Requirement: Leave out the pictures and reproduce all of the data exactly.

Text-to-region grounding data
——

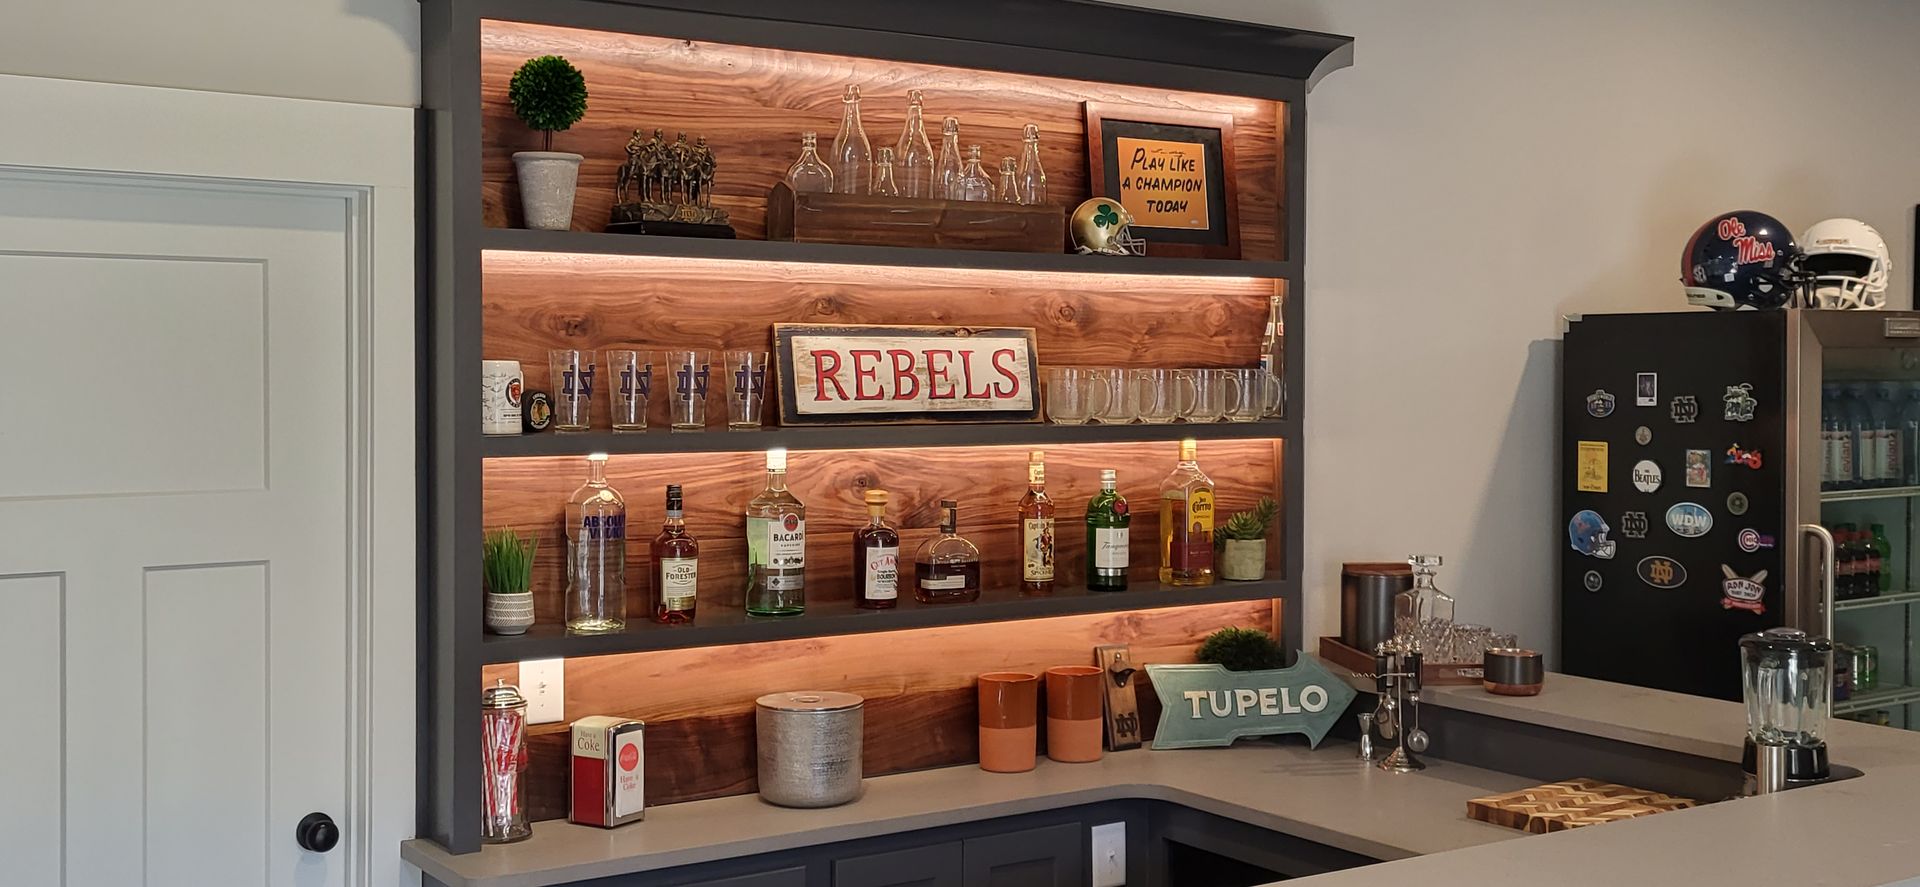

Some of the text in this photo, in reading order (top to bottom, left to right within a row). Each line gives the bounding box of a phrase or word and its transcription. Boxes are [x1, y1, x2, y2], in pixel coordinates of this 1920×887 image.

[1122, 176, 1203, 192] A CHAMPION
[1146, 200, 1189, 213] TODAY
[1719, 217, 1746, 240] Ole
[1733, 236, 1775, 265] Miss
[810, 349, 1020, 401] REBELS
[1634, 469, 1660, 485] BEATLES
[1671, 514, 1707, 527] WDW
[1183, 684, 1328, 719] TUPELO
[577, 737, 600, 751] Coke

——

Written solution:
Some of the text in this photo, in reading order (top to bottom, left to right within a row). Each line gives the bounding box of a phrase or word and its transcription. Boxes are [x1, y1, x2, y2], in pixel coordinates of this 1920×887 image.

[1122, 176, 1203, 192] A CHAMPION
[1146, 200, 1189, 213] TODAY
[1719, 217, 1746, 240] Ole
[1733, 236, 1775, 265] Miss
[810, 349, 1020, 401] REBELS
[1634, 469, 1660, 485] BEATLES
[1671, 514, 1707, 527] WDW
[1183, 684, 1328, 719] TUPELO
[577, 737, 600, 751] Coke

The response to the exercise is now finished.